**TASK TO CARRY OUT**
What's wanted is a faithful retyping of every entry, pictures excluded.

**RECORDS SHOWN**
######
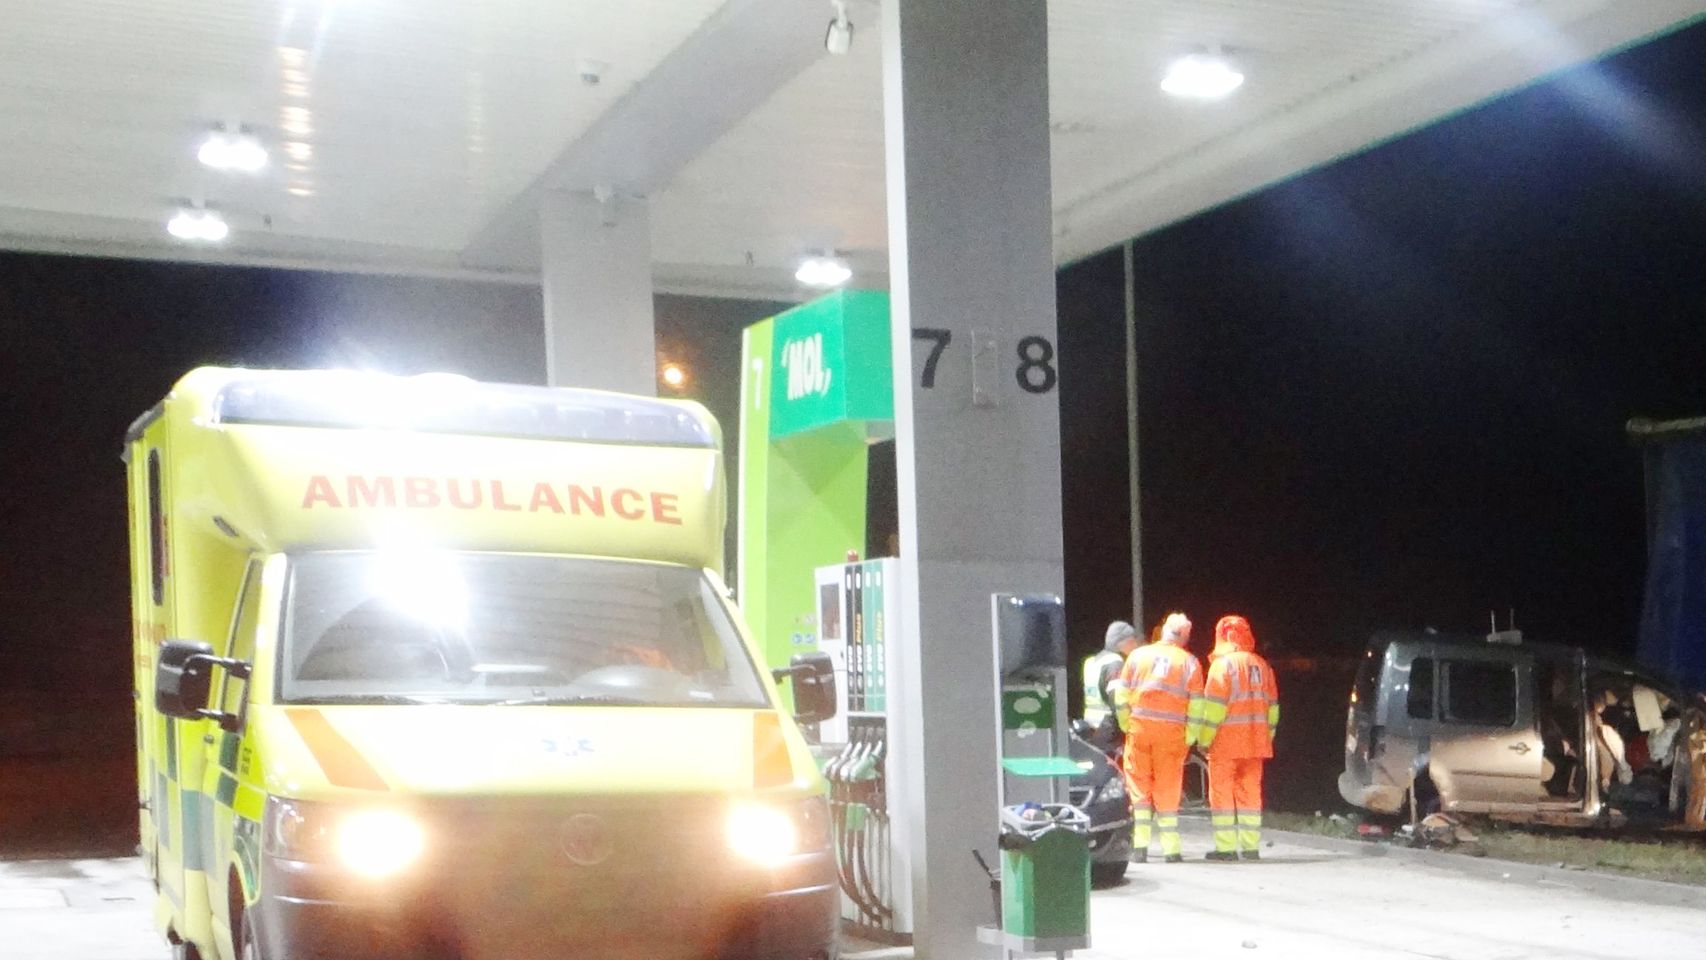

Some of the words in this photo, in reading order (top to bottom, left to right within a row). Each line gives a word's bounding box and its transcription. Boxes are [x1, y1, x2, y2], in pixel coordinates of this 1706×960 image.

[752, 358, 764, 411] 7
[911, 328, 952, 388] 7
[1016, 336, 1057, 394] 8
[301, 474, 683, 526] AMBULANCE
######
**ANSWER SPACE**
Some of the words in this photo, in reading order (top to bottom, left to right within a row). Each line gives a word's bounding box and its transcription. Boxes are [x1, y1, x2, y2], in pixel coordinates of this 1706×960 image.

[752, 358, 764, 411] 7
[911, 328, 952, 388] 7
[1016, 336, 1057, 394] 8
[301, 474, 683, 526] AMBULANCE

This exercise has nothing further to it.